WHAT NEEDS TO BE DONE » If an entry holds an image, leave that image out and transcribe everything else exactly.

DATASET ENTRIES »
== == ==
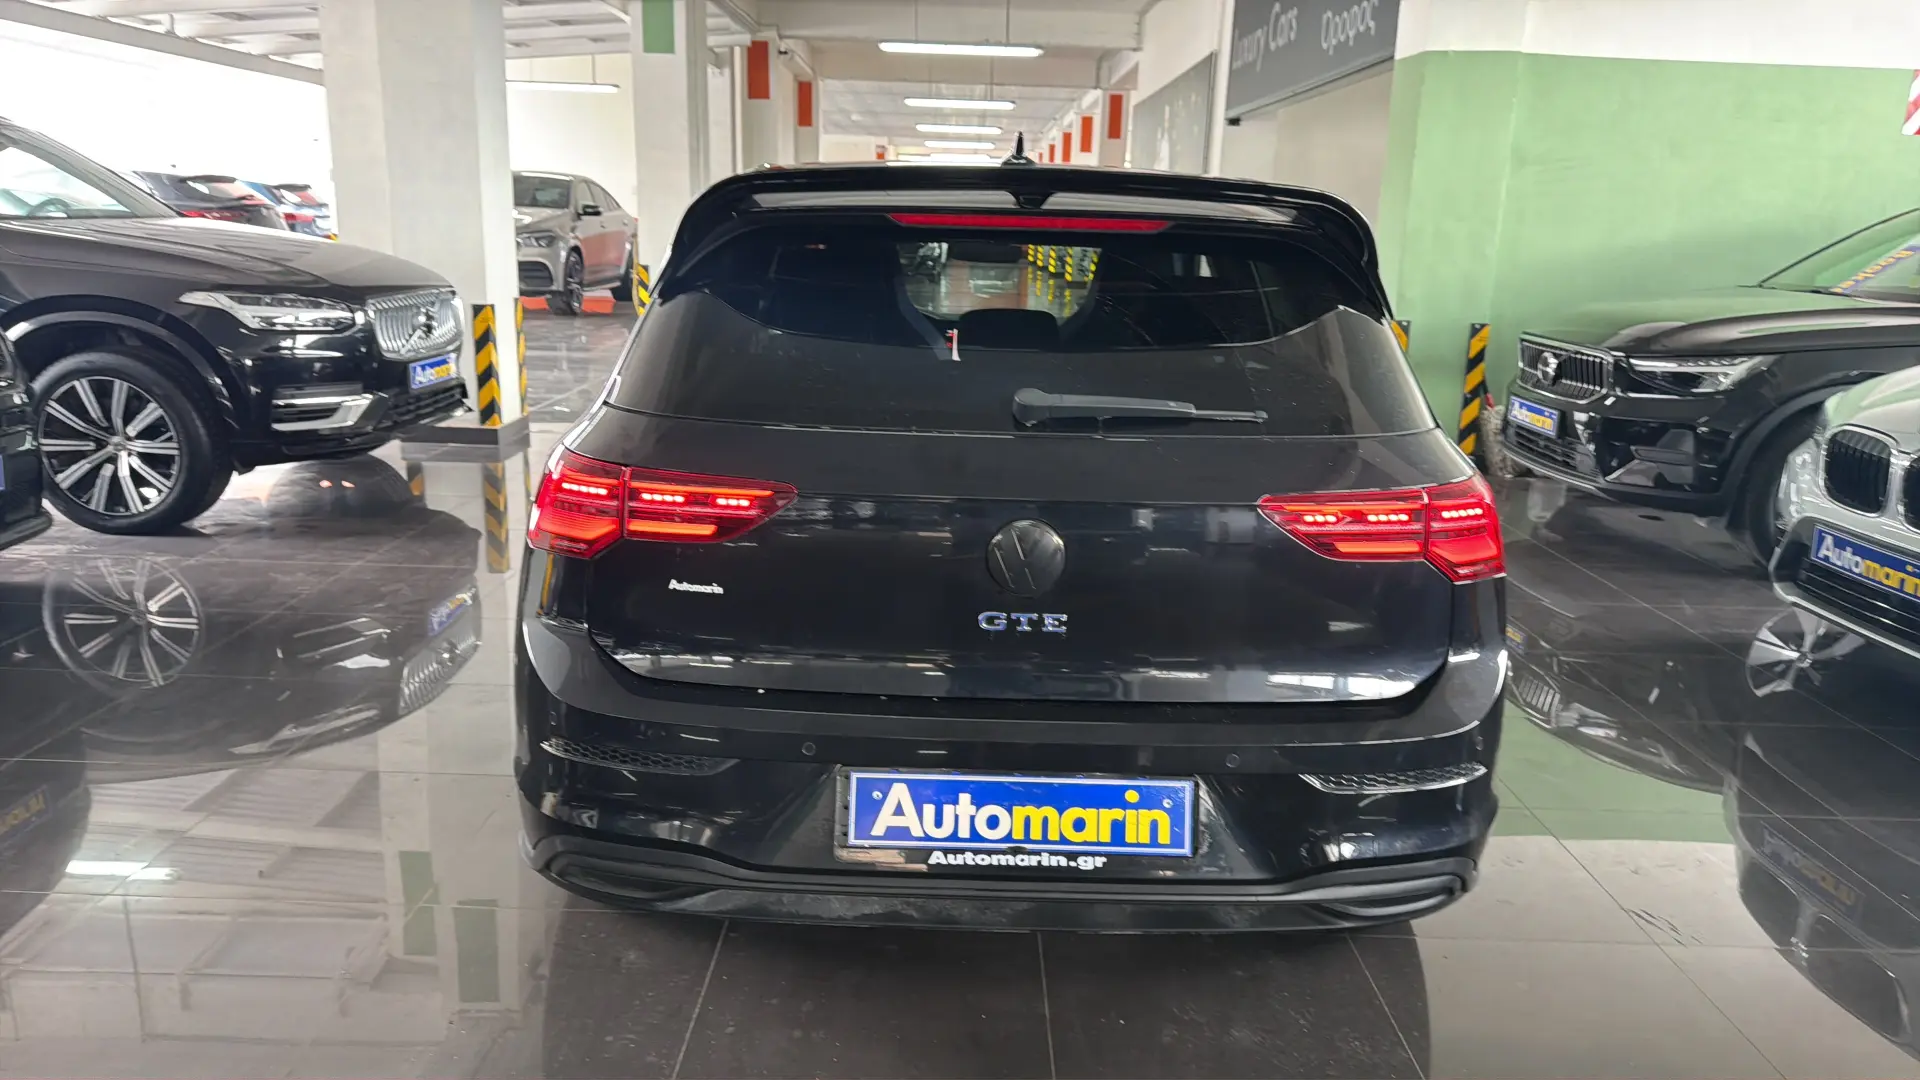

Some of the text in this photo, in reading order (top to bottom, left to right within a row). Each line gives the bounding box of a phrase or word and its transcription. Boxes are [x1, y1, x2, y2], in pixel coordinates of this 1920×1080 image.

[1269, 2, 1298, 51] Cars
[978, 611, 1068, 633] GTE
[870, 783, 1170, 844] Automarin
[928, 850, 1107, 870] Automarin.gr
== == ==
EXERCISE RESULT »
Some of the text in this photo, in reading order (top to bottom, left to right within a row). Each line gives the bounding box of a phrase or word and its transcription. Boxes are [x1, y1, x2, y2], in pixel coordinates of this 1920×1080 image.

[1269, 2, 1298, 51] Cars
[978, 611, 1068, 633] GTE
[870, 783, 1170, 844] Automarin
[928, 850, 1107, 870] Automarin.gr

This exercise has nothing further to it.